Advances in organ support and replacement technologies teach us about the mechanics of death. Survival of the individual organs and the human organism is related to adequacy of oxygenated blood flow and this is the principle goal of cardiopulmonary resuscitation and critical care support. There are 3 basic mechanisms [8]: a) primary cardiac arrest leading to arrest of the circulation b) primary respiratory arrest, which via loss of oxygen causes a secondary cardiac arrest, or c) primary brain arrest, which via interruption of respiratory control causes a secondary respiratory then cardiac arrest. Regardless of initial disease state, all critical illnesses threaten life in this way. Interruption of this sequence and providing oxygen delivery with various forms of support is fundamental to critical care practice. Life sustaining technologies are deployed, with the use of artificial airways, mechanical ventilators, heart and circulatory support and kidney replacement therapies. Advanced support may include systems external to the body such as extracorporeal membrane oxygenation (ECMO) and artificial hearts (ventricular assist devices). The principle behind their application is to sustain vital function, to allow time or treatment to reverse the underlying life threatening state. When the underlying disease state cannot be remedied, the removal of those applied life sustaining technologies must occur for 'natural' death and cardiac arrest to ensue. Withdrawal and withholding of life sustaining technologies is the most common event preceding death in ICU practice worldwide.

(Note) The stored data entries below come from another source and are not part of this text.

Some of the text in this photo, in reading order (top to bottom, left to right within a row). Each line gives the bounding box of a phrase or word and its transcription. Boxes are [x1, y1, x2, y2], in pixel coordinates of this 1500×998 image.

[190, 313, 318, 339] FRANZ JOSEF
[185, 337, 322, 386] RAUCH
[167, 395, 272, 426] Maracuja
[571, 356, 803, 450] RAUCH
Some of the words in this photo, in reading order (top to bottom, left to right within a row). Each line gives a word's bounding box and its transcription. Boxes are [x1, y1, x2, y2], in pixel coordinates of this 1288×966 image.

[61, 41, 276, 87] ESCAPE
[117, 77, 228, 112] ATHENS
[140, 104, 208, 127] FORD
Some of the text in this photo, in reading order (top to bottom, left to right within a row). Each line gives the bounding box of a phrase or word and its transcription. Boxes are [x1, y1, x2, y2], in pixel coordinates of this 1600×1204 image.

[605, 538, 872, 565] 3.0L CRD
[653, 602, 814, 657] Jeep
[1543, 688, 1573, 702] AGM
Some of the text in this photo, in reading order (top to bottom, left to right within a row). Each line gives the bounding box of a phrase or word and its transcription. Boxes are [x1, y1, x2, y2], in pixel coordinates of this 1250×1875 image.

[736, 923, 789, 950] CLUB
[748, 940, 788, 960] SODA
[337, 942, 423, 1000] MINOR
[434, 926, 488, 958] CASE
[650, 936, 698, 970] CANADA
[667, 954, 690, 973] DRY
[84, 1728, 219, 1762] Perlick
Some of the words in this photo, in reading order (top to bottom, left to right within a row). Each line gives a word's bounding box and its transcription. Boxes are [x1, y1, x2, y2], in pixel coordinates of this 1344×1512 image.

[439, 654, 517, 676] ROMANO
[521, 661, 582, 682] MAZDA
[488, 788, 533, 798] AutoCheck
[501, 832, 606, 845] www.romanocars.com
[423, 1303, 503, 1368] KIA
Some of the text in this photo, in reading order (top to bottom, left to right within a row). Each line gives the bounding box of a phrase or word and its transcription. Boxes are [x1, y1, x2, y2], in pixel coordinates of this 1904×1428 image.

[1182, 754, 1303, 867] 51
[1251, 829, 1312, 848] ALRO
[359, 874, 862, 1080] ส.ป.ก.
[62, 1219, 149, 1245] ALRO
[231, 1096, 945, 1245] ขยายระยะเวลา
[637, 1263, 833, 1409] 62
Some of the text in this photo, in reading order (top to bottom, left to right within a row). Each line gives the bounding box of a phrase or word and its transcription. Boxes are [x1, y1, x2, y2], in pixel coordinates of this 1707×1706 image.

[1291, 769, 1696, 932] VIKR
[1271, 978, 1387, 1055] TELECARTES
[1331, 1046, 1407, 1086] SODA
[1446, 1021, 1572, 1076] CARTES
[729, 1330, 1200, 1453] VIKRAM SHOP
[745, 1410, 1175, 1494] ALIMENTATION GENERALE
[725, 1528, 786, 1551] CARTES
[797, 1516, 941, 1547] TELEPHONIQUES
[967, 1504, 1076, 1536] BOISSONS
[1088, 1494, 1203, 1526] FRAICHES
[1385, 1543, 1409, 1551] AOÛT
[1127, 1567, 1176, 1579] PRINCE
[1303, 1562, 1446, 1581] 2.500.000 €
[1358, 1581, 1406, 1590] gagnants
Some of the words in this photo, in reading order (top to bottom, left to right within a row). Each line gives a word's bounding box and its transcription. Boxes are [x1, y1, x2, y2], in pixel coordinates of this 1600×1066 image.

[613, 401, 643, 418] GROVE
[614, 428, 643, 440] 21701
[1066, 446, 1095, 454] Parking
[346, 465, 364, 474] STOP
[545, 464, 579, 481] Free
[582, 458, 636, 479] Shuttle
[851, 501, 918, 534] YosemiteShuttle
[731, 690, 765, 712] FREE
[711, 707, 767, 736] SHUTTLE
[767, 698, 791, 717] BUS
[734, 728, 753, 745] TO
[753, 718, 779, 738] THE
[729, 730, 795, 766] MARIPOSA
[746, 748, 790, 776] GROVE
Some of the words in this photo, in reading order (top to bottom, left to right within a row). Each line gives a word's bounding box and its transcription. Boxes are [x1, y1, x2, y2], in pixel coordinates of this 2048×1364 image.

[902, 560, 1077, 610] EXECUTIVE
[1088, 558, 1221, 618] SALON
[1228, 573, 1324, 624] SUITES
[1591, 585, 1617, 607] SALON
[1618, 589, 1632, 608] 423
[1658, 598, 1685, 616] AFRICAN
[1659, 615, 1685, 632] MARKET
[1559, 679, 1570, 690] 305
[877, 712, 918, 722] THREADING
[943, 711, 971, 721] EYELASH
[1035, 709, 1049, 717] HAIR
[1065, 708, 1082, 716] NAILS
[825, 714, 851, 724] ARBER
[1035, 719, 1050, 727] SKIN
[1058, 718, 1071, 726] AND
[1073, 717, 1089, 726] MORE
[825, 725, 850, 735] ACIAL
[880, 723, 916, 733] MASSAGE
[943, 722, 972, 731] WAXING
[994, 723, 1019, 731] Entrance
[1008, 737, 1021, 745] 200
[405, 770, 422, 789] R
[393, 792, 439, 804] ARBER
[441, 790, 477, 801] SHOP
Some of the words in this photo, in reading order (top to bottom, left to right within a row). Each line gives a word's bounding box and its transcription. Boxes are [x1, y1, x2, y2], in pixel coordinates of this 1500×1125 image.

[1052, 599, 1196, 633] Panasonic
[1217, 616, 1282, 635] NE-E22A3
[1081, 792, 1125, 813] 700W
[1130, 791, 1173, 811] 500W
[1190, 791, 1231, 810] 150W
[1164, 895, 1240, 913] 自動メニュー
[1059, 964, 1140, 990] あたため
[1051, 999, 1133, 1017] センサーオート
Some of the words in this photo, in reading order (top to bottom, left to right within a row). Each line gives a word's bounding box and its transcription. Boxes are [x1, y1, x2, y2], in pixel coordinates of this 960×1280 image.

The reversibility of cardiac arrest is now purely related to the context in which it occurs. The ability to restore the circulation depends on the location of the arrest, a predetermined ethical decision regarding level of medical intervention, the types of interventions available (cardiopulmonary resuscitation, extracorporeal membrane oxygenation, or ventricular assist devices), and the types of interventions actually used. Medicine has advanced to the point where all vital organs (heart, lung, liver, kidney) can be supported by machines, or replaced by transplantation. Complete and irreversible arrest of the heart is not death, as long as oxygenated circulation to the body can be provided mechanically. Circulation can be artificially maintained for days, weeks and months and the arrested heart can then be replaced by transplantation. The event may be the cardiac arrest, but death is only occurs if it leads to an accompanying loss of circulation.

The brain is the only organ that cannot be supported or replaced by technology. For all forms of severe brain injury, ICU care does not replace any functions of the brain. Breathing replacement machines merely interrupt the way brain failure leads to cardiac arrest. Contrary to previous perceptions that brain death invariably leads to cardiac arrest [9], any degree of brain failure, including brain death, can be sustained indefinitely with mechanical ventilation and vigilant care. While the brain may be irreversibly arrested, the body can be maintained, as demonstrated in case series of brain death in pregnancy with fetuses brought to term [10].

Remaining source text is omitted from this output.